HOME PAGEレレレノレコード > BRIAN ENO 「AMBIENT 1 MUSIC FOR AIRPORTS」

レレレノレコード

BRIAN ENO Ambient #1

BRIAN ENO

AMBIENT 1
MUSIC FOR AIRPORTS


1978 E.G.Records
EGED 17

1978 PVC Records (Ambient Records)
PVC7908(AMB001)


<TRACKS>
-Side 1-
1/1 [16'30"]
2/1 [8'20"]
-Side 2-
1/2 [11'30"]
2/2 [6'00"]
 音楽は集団を対象とする。有史以前より人間は音楽を奏でてきた。神を崇め奉るため。気分を高揚させるため。みんなの動作を揃えるため。戦の合図を送るため。歴史を子孫に残すため……。音楽は大勢の人に同じ影響を与えるために演奏されてきた。

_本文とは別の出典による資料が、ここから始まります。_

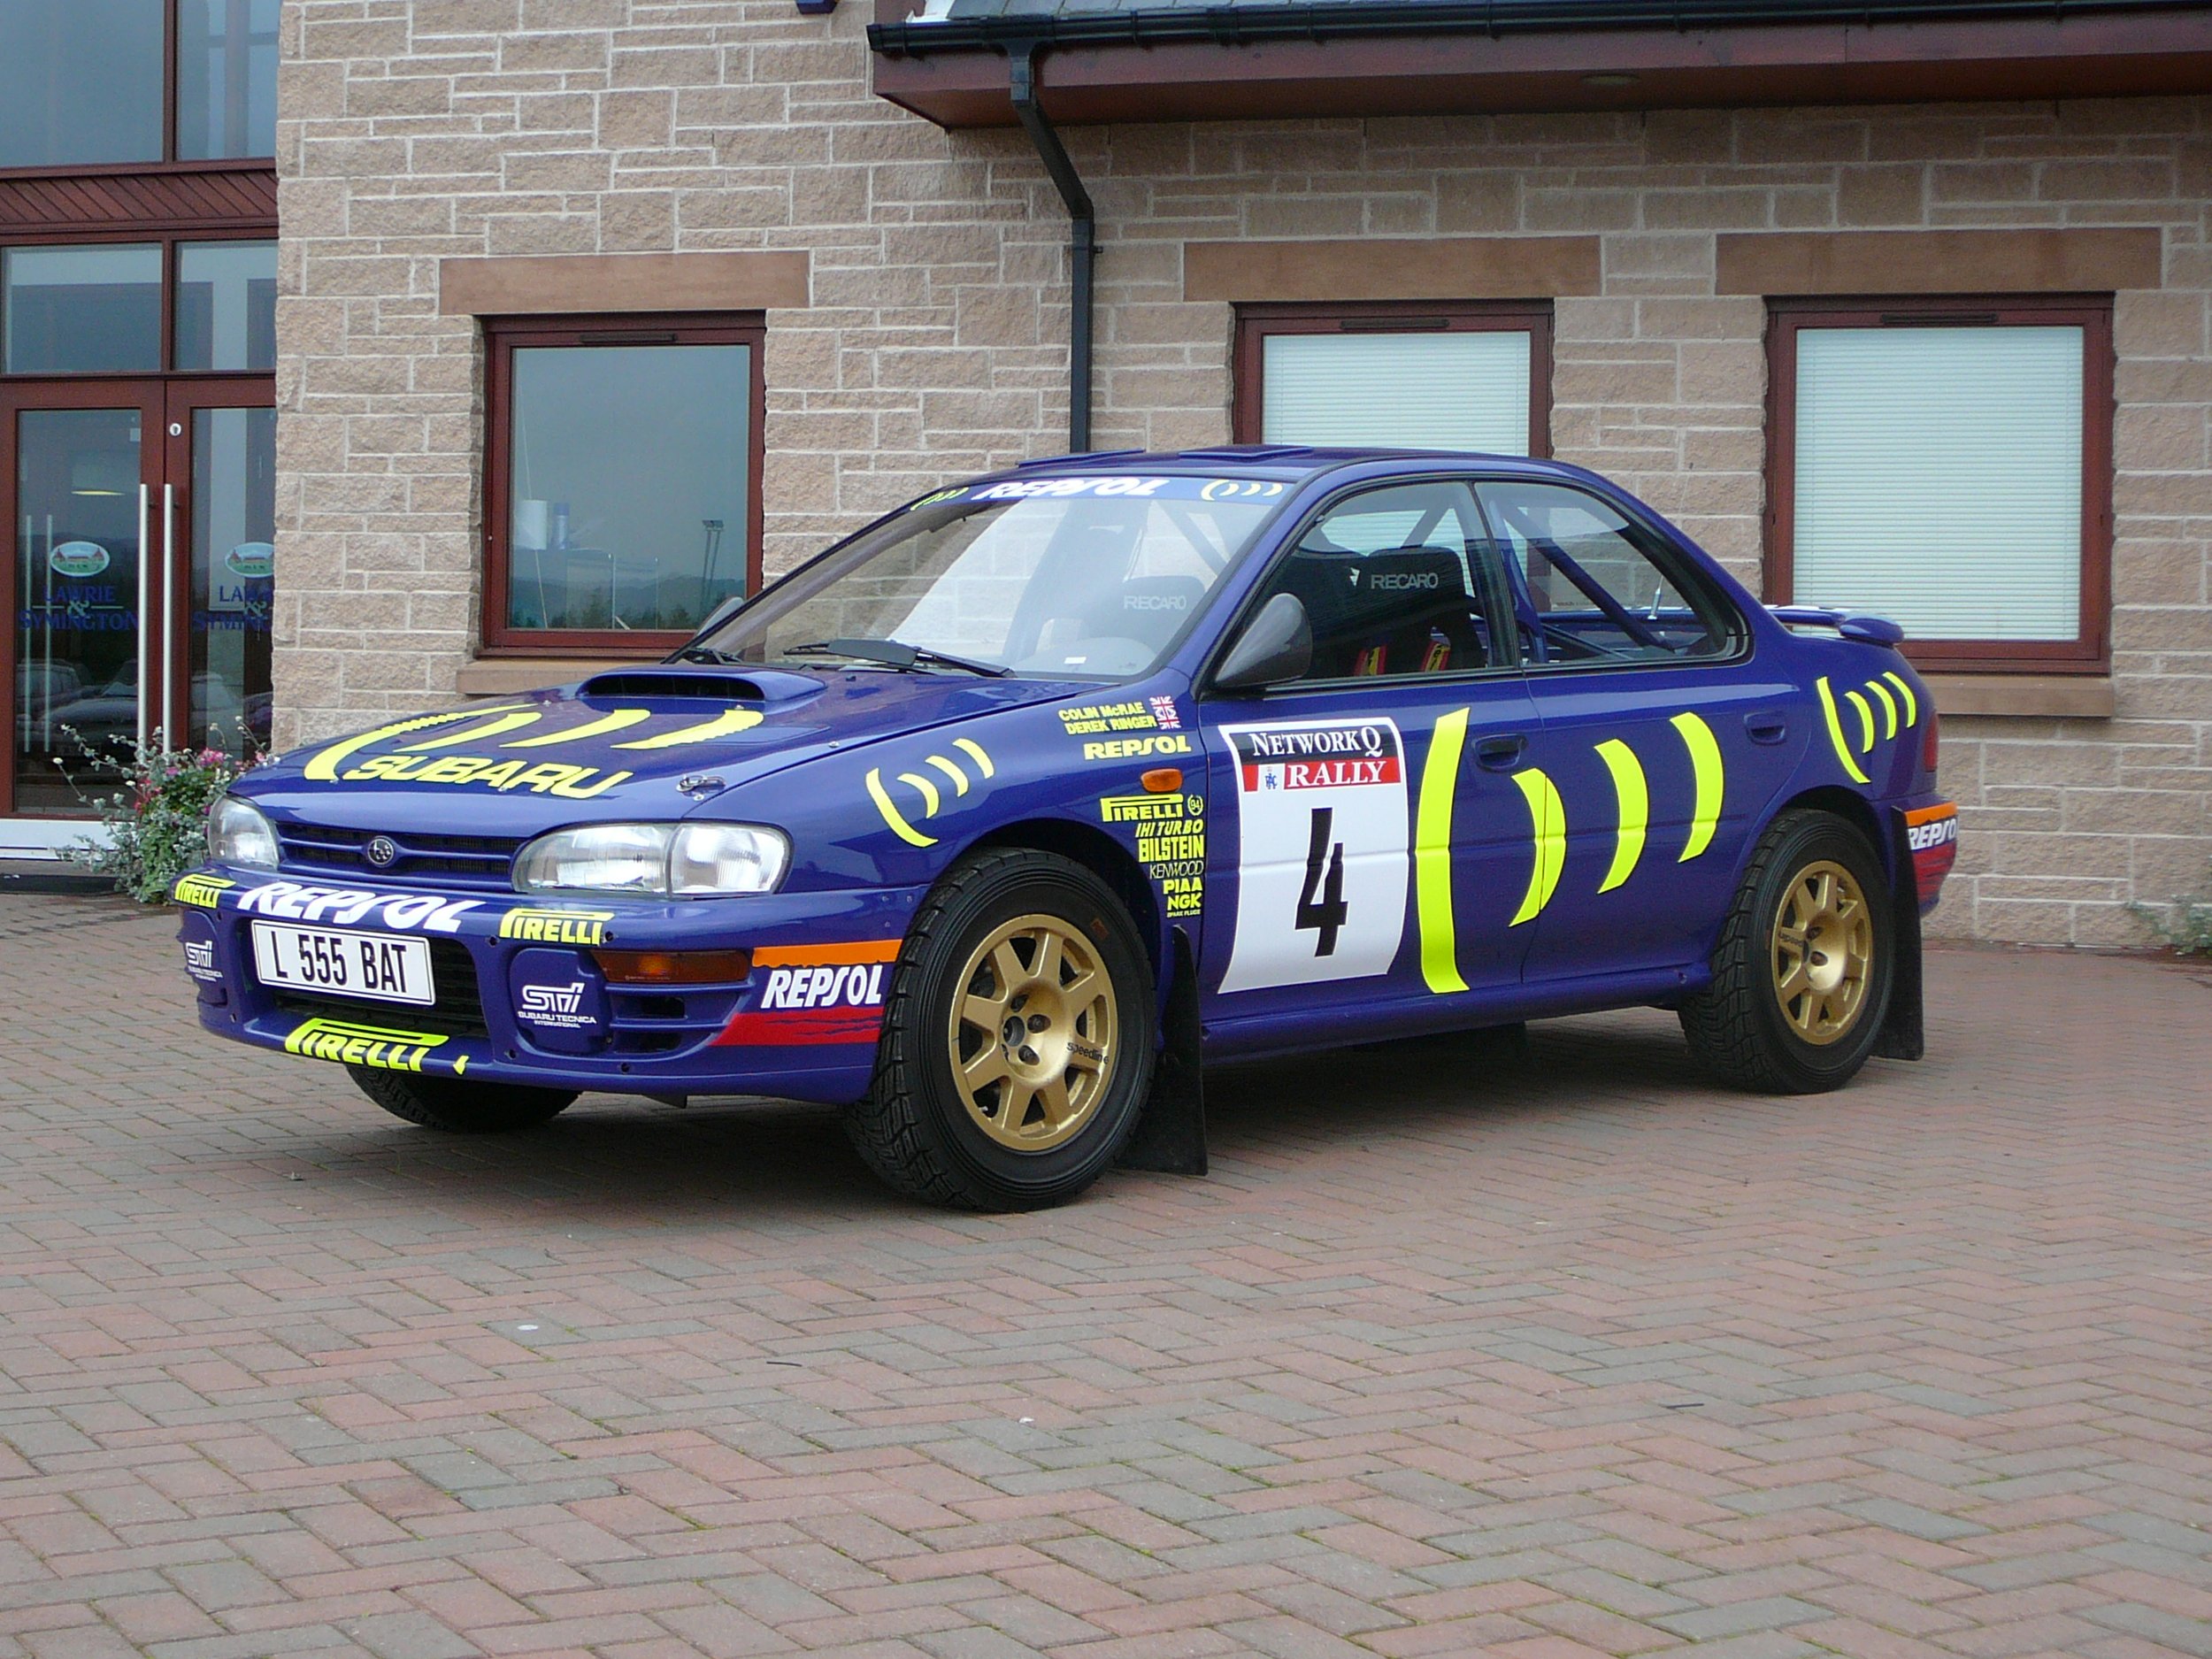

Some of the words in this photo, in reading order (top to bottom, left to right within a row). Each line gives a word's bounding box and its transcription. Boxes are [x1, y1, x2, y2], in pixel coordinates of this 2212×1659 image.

[971, 477, 1169, 500] REPSOL
[1371, 572, 1438, 589] RECARO
[44, 586, 116, 603] LAWRIE
[1124, 595, 1187, 611] RECARO
[193, 611, 273, 632] SYMING
[1057, 706, 1099, 722] COLIN
[1064, 718, 1110, 735] DEREK
[1110, 715, 1158, 731] RINGER
[1083, 735, 1192, 760] REPSOL
[1249, 729, 1361, 757] NETWORK
[1362, 726, 1383, 757] Q
[342, 756, 634, 799] SUBARU
[1287, 761, 1386, 787] RALLY
[1100, 794, 1184, 822] PIRELLI
[1135, 822, 1156, 838] IHI
[1156, 819, 1204, 836] TURBO
[1908, 818, 1958, 850] REPSO
[1138, 834, 1204, 863] BILSTEIN
[1149, 861, 1204, 879] KENWOOD
[1294, 807, 1349, 957] 4
[174, 873, 236, 909] PIRELLI
[1163, 877, 1203, 895] PIAA
[237, 881, 487, 933] REPSOL
[1167, 893, 1202, 911] NGK
[499, 908, 616, 947] PIRELLI
[271, 931, 288, 979] L
[297, 933, 349, 987] 555
[360, 941, 407, 993] BAT
[760, 964, 883, 1009] REPSOL
[517, 1010, 555, 1021] SUBARU
[556, 1014, 597, 1025] TECNICA
[285, 1018, 449, 1071] PIRELLI

ワーグナーの歌劇も、ディランのギターも、パチンコ屋の軍艦マーチも然りである。

 ところがここにブライアン・イーノという、気まぐれで音楽の世界に入ってきた男が登場する。70年代初頭、友人に誘われるままに、当時はグラムロックバンドだった「ロキシー・ミュージック」に加入。ろくに楽器も演奏できない彼だったが、派出好きが幸いして一躍スターになってしまう。間もなく「ヴォーカルの自分より目立ちすぎ」という理由でリーダーのブライアン・フェリーにクビにされてしまうが、味をしめたイーノはそのまま音楽の世界で活動を続ける。ここからイーノの快進撃が始まる。その成功の理由を一言で言えば、「ポリシーを持っている他のミュージシャンがあーだこうだ言ってる間にオイシイところを持っていった」である。

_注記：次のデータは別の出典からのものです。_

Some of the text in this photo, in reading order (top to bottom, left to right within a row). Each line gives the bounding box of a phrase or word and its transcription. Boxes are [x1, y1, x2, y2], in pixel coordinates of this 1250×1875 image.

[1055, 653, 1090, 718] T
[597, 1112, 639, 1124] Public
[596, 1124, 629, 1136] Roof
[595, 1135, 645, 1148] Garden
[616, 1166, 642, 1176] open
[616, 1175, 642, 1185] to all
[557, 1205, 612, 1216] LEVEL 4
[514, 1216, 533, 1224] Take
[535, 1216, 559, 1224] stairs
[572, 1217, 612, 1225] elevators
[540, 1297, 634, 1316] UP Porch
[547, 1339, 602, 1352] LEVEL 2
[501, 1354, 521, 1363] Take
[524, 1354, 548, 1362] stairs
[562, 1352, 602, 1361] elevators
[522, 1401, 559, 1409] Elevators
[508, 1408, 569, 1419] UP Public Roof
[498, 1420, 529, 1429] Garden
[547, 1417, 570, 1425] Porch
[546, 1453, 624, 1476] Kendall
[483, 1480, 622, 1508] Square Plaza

 そして1978年、イーノはこのアルバム「AMBIENT 1~MUSIC FOR AIRPORTS」によって、音楽シーンに「AMBIENT」という革命を起こしてしまう。聴き手が自由に解釈できる音楽、あるいは聴き手が自由に解釈するという音楽の聴き方。すなわち個人を対象とした音楽である。イーノはそれに「AMBIENT MUSIC(環境音楽)」という造語をつけて売り出し、そしてブームを巻き起こすほどヒットさせてしまったのである。実は、このようなサウンドも考え方もたいして目新しいものじゃあない。ジョン・ケージを持ち出すまでもなく、「AMBIENT」な音楽を演ってた連中なんてイーノ以前にもいくらでもいた。しかし頭でっかちな彼らが理論武装している間に、イーノは楽器も出来ないのにロックを始めたのと同じノリで「AMBIENT」をポンと世の中に出してしまい、そして、またもやオイシイ油揚げをかっさらっていったのである。

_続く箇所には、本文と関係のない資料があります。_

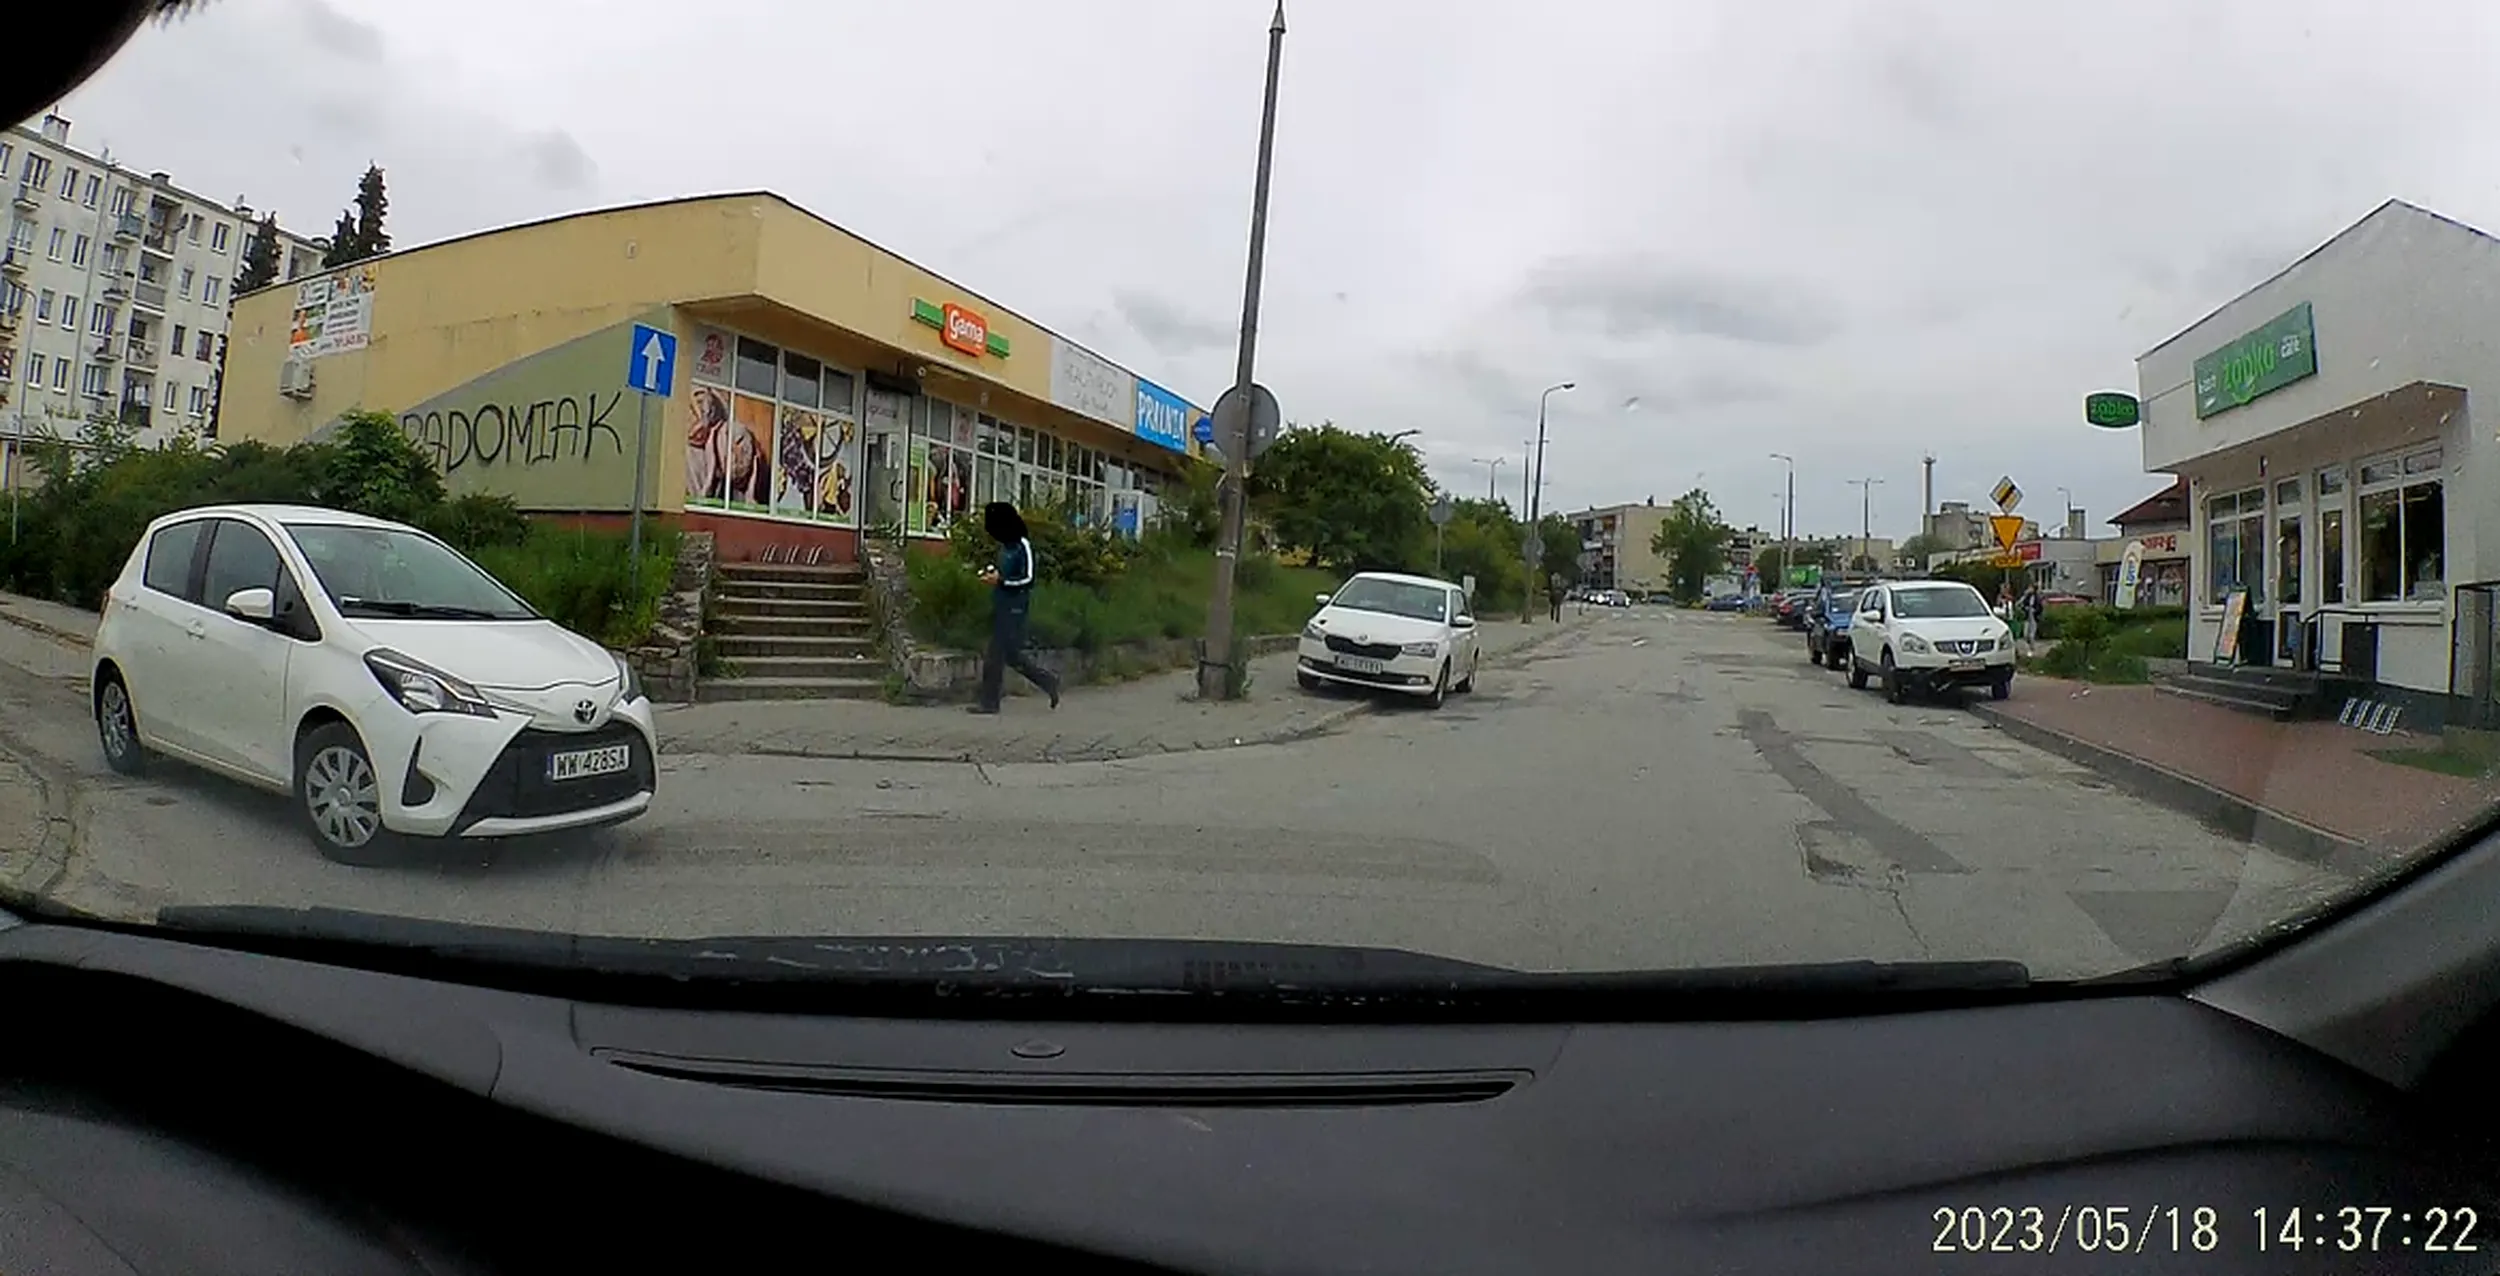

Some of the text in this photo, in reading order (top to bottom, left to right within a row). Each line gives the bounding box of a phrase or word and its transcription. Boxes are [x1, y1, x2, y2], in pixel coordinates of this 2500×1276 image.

[950, 309, 984, 345] Gama
[402, 391, 623, 473] RADOMIAK
[1137, 390, 1185, 441] PRALNIA
[583, 747, 626, 773] 428SA

 このアルバムがその後の音楽シーンに与えた影響は計り知れない。集団ではなく個人を対象とする革新的な音楽を、一気にポピュラーミュージックにしてしまったのだから。このアルバムがなかったら、あのサティさえも過去に埋もれたままだっただろう。もちろん、ウィンダム・ヒルからアンビエント・ハウスまで、また「解釈は聴き手にまかせる」と答えるミュージシャンのほとんども、このアルバムの影響下にあるといっていいだろう。
 ちなみに、一番有名なA面1曲目の「1/1」でピアノを弾いているのはイーノじゃなくて、あのロバート・ワイアット。知ってた?(HARUM0)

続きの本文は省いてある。